WORK INSTRUCTION
With the pictures left out, restate every entry word for word.

########################################

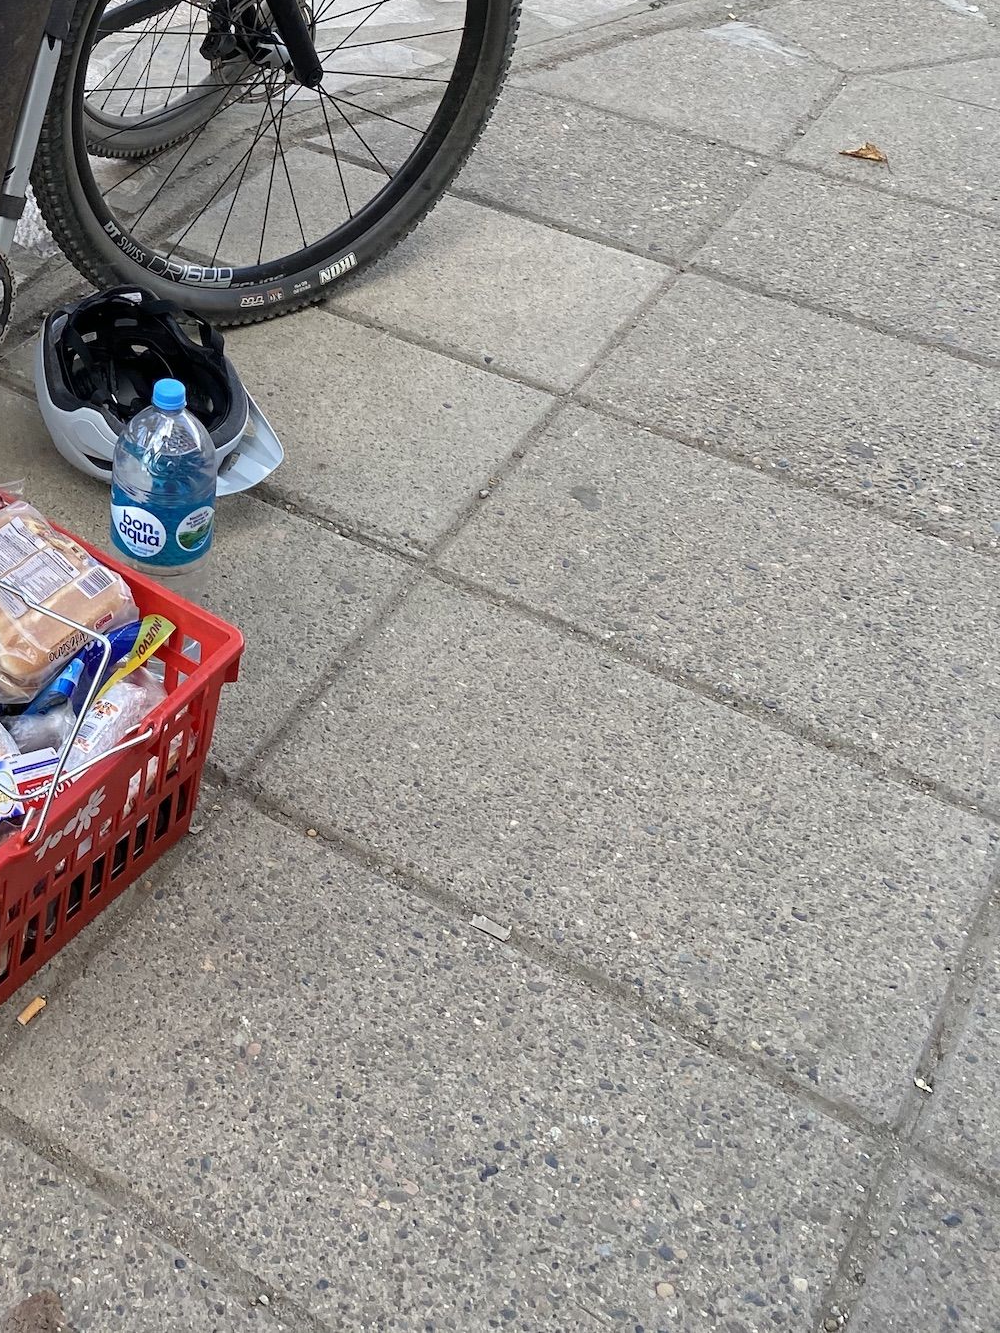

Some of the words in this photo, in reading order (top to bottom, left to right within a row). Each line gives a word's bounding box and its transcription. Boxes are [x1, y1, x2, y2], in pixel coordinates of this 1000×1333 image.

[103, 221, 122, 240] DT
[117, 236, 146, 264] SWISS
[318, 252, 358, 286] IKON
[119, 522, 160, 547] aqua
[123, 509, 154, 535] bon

########################################

FINISHED EXERCISE
Some of the words in this photo, in reading order (top to bottom, left to right within a row). Each line gives a word's bounding box and its transcription. Boxes are [x1, y1, x2, y2], in pixel coordinates of this 1000×1333 image.

[103, 221, 122, 240] DT
[117, 236, 146, 264] SWISS
[318, 252, 358, 286] IKON
[119, 522, 160, 547] aqua
[123, 509, 154, 535] bon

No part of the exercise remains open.